Egitto, è vera democrazia?
di Marco Vicenzino
Ideazione di novembre-dicembre 2005

Le recenti elezioni presidenziali in Egitto potrebbero segnare l'inizio di un lungo processo di cambiamento che potrebbe sfociare in una forma più rappresentativa di governo. La consultazione elettorale ha probabilmente rotto il ghiaccio, ma il processo sarà lento, tutt'altro che irreversibile, potrà subire sospensioni arbitrarie in qualsiasi momento e non vi sono garanzie che possa essere completato.
Da una prospettiva immediata, le elezioni sono state un semplice espediente cosmetico nel governo rappresentativo e sono state manipolate per garantire la vittoria di Mubarak. Ma anche se si sono verificate alcune violazioni durante il recente svolgimento elettorale, queste non sono state di entità tale da invalidare la votazione. I meccanismi tesi a impedire risultati imparziali sono stati messi in moto sin dall'inizio, e andavano dal controllo governativo dell'etere al vaglio governativo di tutti i candidati che potessero rappresentare un pericolo. Le reazioni sono state, ovviamente, il cinismo e il disinteresse. Per molti partecipare alle elezioni significava legittimare un sistema autocratico illegale. Solo il 23 per cento dei 23 milioni di aventi diritto sono andati a votare. Mubarak ha raccolto l'88 per cento dei voti, e il resto è stato ripartito tra gli altri candidati.
Da una prospettiva più a lungo termine, potrebbe aver avuto inizio un processo di cambiamento. Forse è stato qualcosa di più di una semplice elezione truccata. Questo processo ha introdotto nel dibattito pubblico argomenti tradizionalmente considerati tabù, anche se ampiamente discussi nei circoli privati e diffusi attraverso le moderne tecnologie, prime fra tutte televisione satellitare e Internet.

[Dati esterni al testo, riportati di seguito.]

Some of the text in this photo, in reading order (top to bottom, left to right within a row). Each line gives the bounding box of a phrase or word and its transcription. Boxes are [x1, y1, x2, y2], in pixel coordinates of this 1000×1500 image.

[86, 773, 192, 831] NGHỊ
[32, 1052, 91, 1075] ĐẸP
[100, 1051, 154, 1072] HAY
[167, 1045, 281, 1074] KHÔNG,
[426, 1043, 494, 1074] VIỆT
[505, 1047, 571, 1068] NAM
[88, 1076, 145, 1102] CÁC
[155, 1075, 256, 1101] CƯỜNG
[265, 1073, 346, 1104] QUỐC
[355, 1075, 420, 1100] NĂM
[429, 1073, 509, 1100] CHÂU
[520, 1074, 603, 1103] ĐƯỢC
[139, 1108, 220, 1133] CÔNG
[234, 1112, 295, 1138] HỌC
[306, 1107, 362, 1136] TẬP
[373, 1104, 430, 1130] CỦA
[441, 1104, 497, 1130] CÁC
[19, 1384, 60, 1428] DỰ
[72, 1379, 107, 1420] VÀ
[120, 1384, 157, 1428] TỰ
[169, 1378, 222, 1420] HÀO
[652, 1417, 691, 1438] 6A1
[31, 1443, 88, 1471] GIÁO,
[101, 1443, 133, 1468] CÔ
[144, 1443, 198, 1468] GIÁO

Sono molteplici i fattori che determineranno se, come e quando avrà luogo questo cambiamento. Prima di tutto ci sono gli affari interni, capire soprattutto se il governo vuole davvero fare le riforme, se il pubblico recepirà i cambiamenti e deciderà di prendervi parte. Semplici cambiamenti di facciata continueranno a lasciare il pubblico indifferente e disilluso. Le prossime elezioni parlamentari saranno probabilmente contestate con vigore e potrebbero far emergere una visione più chiara della velocità, della forma e del grado di impegno del governo in questo processo. Ma se emergerà un'intenzione di cambiare concreta e autentica le aspettative del pubblico cresceranno. I cambiamenti diventeranno un diritto acquisito e nel tempo diventerà più difficile invertire arbitrariamente questo processo. L'assenza di violenza a sfondo politico nelle recenti elezioni ha incoraggiato molti e sarà un altro fattore determinante per la successione degli eventi. Tuttavia, se il governo decidesse di invertire questo corso e di chiudere tutti i canali di dibattito, discussione, dialogo ed espressione, potrebbe scatenarsi un ritorno alla violenza, che fermerebbe lo sviluppo, ripristinando uno status quo vecchio di decenni.
Durante questo possibile processo di cambiamento, Mubarak continuerà a trasformare la struttura del suo governo e del suo Partito nazional democratico (Pnd) per attirare un pubblico più vasto e assicurarsi la sopravvivenza nell'immediato e nel lungo termine. L'anno scorso alcuni giovani tecnocrati sono stati promossi nei ranghi più alti dei ministeri governativi. A parte le prossime elezioni parlamentari, l'obiettivo è quello di preparare Gamal Mubarak, leader del Pnd e figlio del presidente, come candidato presidenziale del Pnd per elezioni più aperte fra sei anni. Nel 2011, e salute permettendo, Hosni Mubarak sarà ottuagenario, pronto a lasciare le redini del potere al figlio e desideroso di lasciare una eredità storica dopo trent'anni di potere. Vorrà essere ricordato come il grande leader riformatore che salvò l'Egitto dall'estremismo e ne consolidò la democrazia, assicurandogli il ruolo di nazione modello e leader della regione e che garantì al paese una posizione di rispetto sul palcoscenico mondiale.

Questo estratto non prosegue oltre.